İstanbul, Bursa, Denizli, Tekirdağ, İzmir, Adıyaman, Adana, Kahramanmaraş ve diğerleri. Bu şehirleri fasoncu tekstil, hazır giyim şehrinden marka sahibi moda şehrine dönüştürmek için bir zihinsel dönüşüme ihtiyaç var. 20 yıllık geçmişi içerisinde Turquality destekli onca yurtdışı defile düzenlendi. Modacılarımız tasarımlarını sergiledi, bir sonuç elde edemedik. Geçmişten ders alıp gelecek adına öngörülerde bulunmak vakti. İlk harekete geçen olma vakti. Katarın arkasına takılmış “yük” vagonu değil, peşindekileri sürükleyen lokomotif olma vakti. Üretim imkanlarını, üretim becerisini moda geliştirerek, marka yaratarak taçlandırma vakti.
The Chapar, Girl Meets Dress, Nuji, Stay Wild Swim, Farfetch, Zalando, Combyne, Heuritech, Miinto, Stylight, Zadaa, Zoot, Unown ve diğer onlarcası moda alanında 2021 yılına damga vuran startup’lar, yeni girişimler. Şehirlerde bir diğerini etkileyen, tetikleyen, yeni girişimleri cesaretlendiren bir eko sistem kurulması halinde moda şehirlerimizden söz edebileceğiz ancak.
Haftanın Şehri: PRATO, İTALYA
PRATO İtalya'nın Toskana bölgesinde, Floransa’nın 20 km. kuzeyinde yer alan 200 bin nüfuslu bir şehir. Şehrin ekonomisi 1400 yılından beri tekstil sektörüne dayalı. Ancak esas dönüşüm 19. yüzyılın ortalarında gerçekleşmiş, Prato eski yün kumaşları geri kazanıp tekrar kullanıma hazır hale getirmeye başlamış. O günden bugüne şehir bu alanda uzmanlaşmış.
Geri dönüşümle kazanılmış yün kalitesinden kaybetmiyor ilaveten daha ucuza mal oluyor. Şehirde yılda 150,000 ton hurda kumaş dönüştürülüyor.

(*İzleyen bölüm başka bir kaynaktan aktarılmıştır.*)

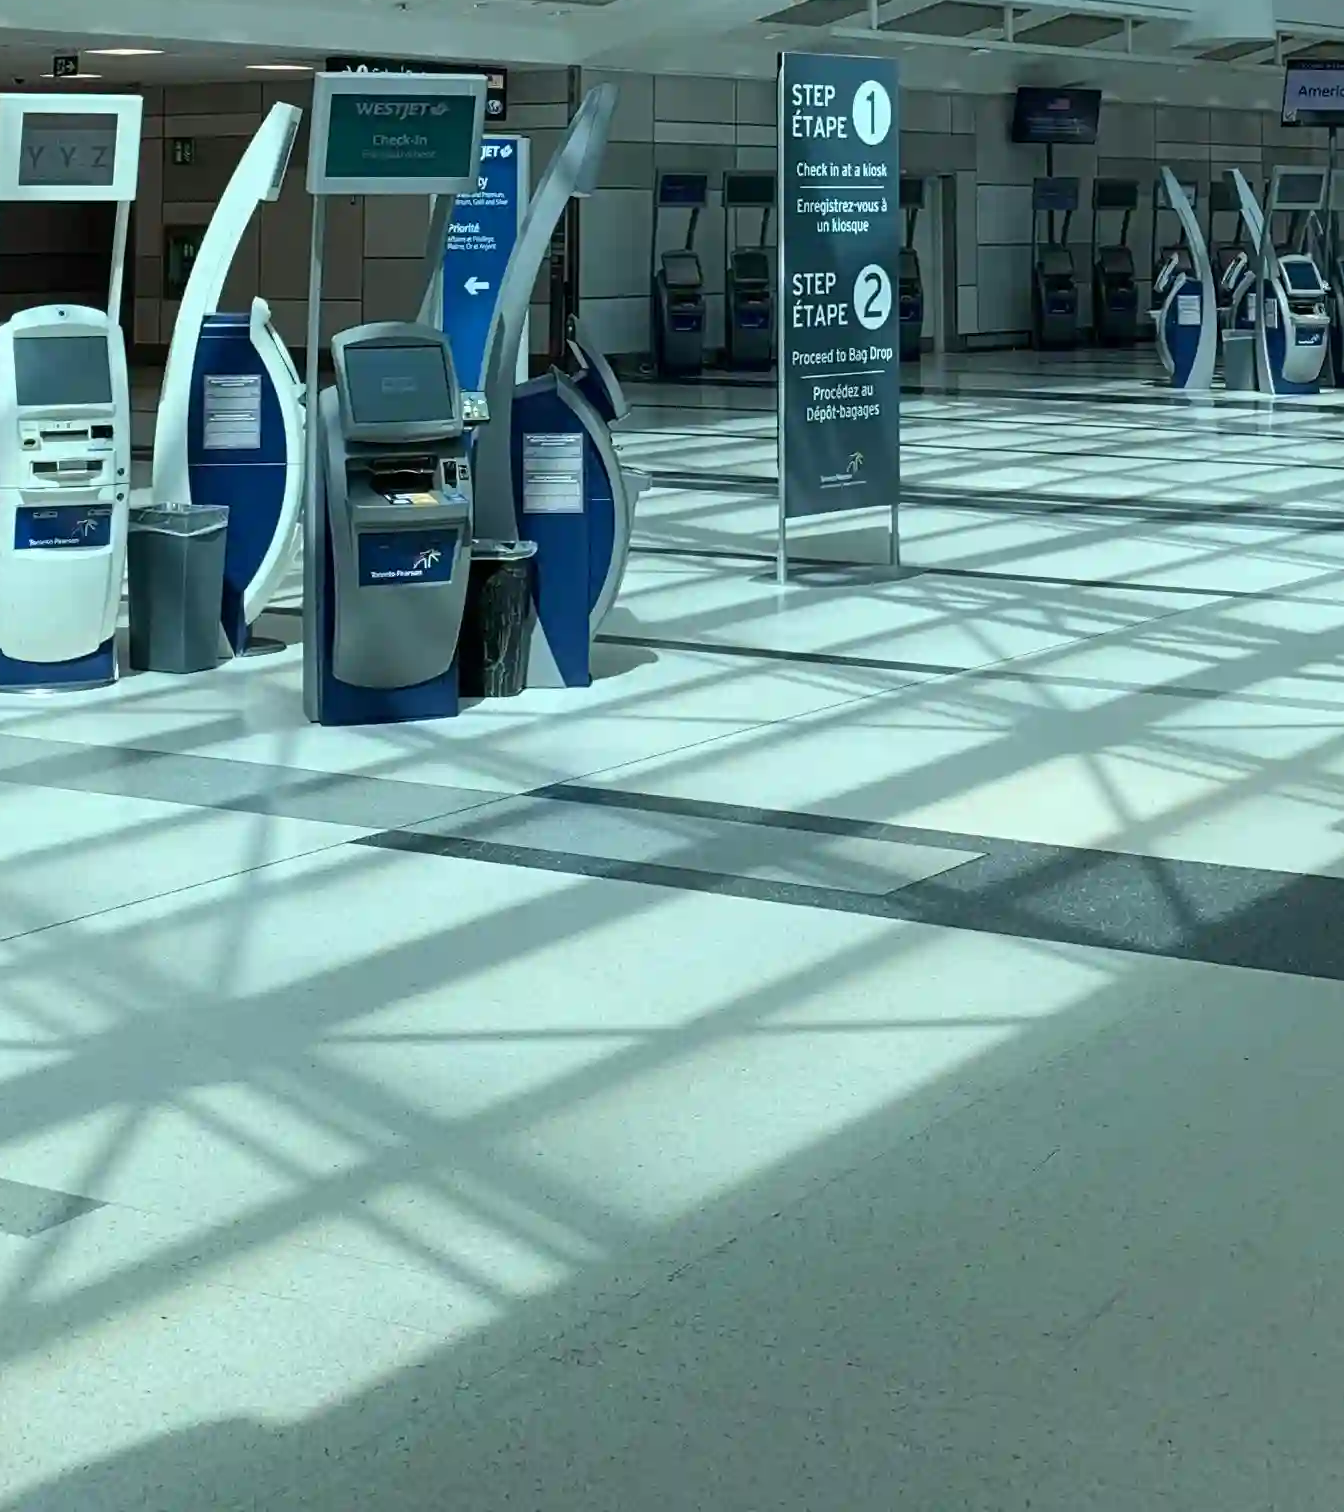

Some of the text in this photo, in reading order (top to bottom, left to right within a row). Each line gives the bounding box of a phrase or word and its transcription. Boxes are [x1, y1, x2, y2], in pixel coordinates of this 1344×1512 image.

[792, 84, 836, 107] STEP
[355, 102, 429, 120] WESTJET
[792, 90, 875, 139] ÉTAPE 1
[796, 162, 887, 177] Check in at a kiosk
[796, 198, 887, 216] Enregistrez-vous à
[817, 217, 869, 234] un kiosque
[792, 272, 837, 296] STEP
[792, 272, 882, 328] ÉTAPE 2
[792, 346, 893, 366] Proceed to Bag Drop
[813, 384, 873, 401] Procédez au
[806, 403, 880, 424] Dépôt-bagages
[371, 570, 395, 579] Toronto

Bu miktar 300 gün çalışılsa her gün 10 tonluk 50 kamyon eder. Dönüştürülen yünlü kumaşlardan dokuma için ya da örgü için iplik üretiliyor. Şehirde yaşayanların çoğu bu işkolunda çalışıyor. Şehirde 7 bine yakın işletme bulunuyor ve ihracattan 3 milyar avro gelir elde ediliyor. Petrolden sonra en büyük çevre kirletici olarak tekstil sanayi gösteriliyor. Küresel ölçüde sera gazının %10’u, atık suyun %20’si tekstilden geliyor. Böylece Prato yaşanabilir bir gezegen için önemli bir misyonu da yerine getirmiş oluyor.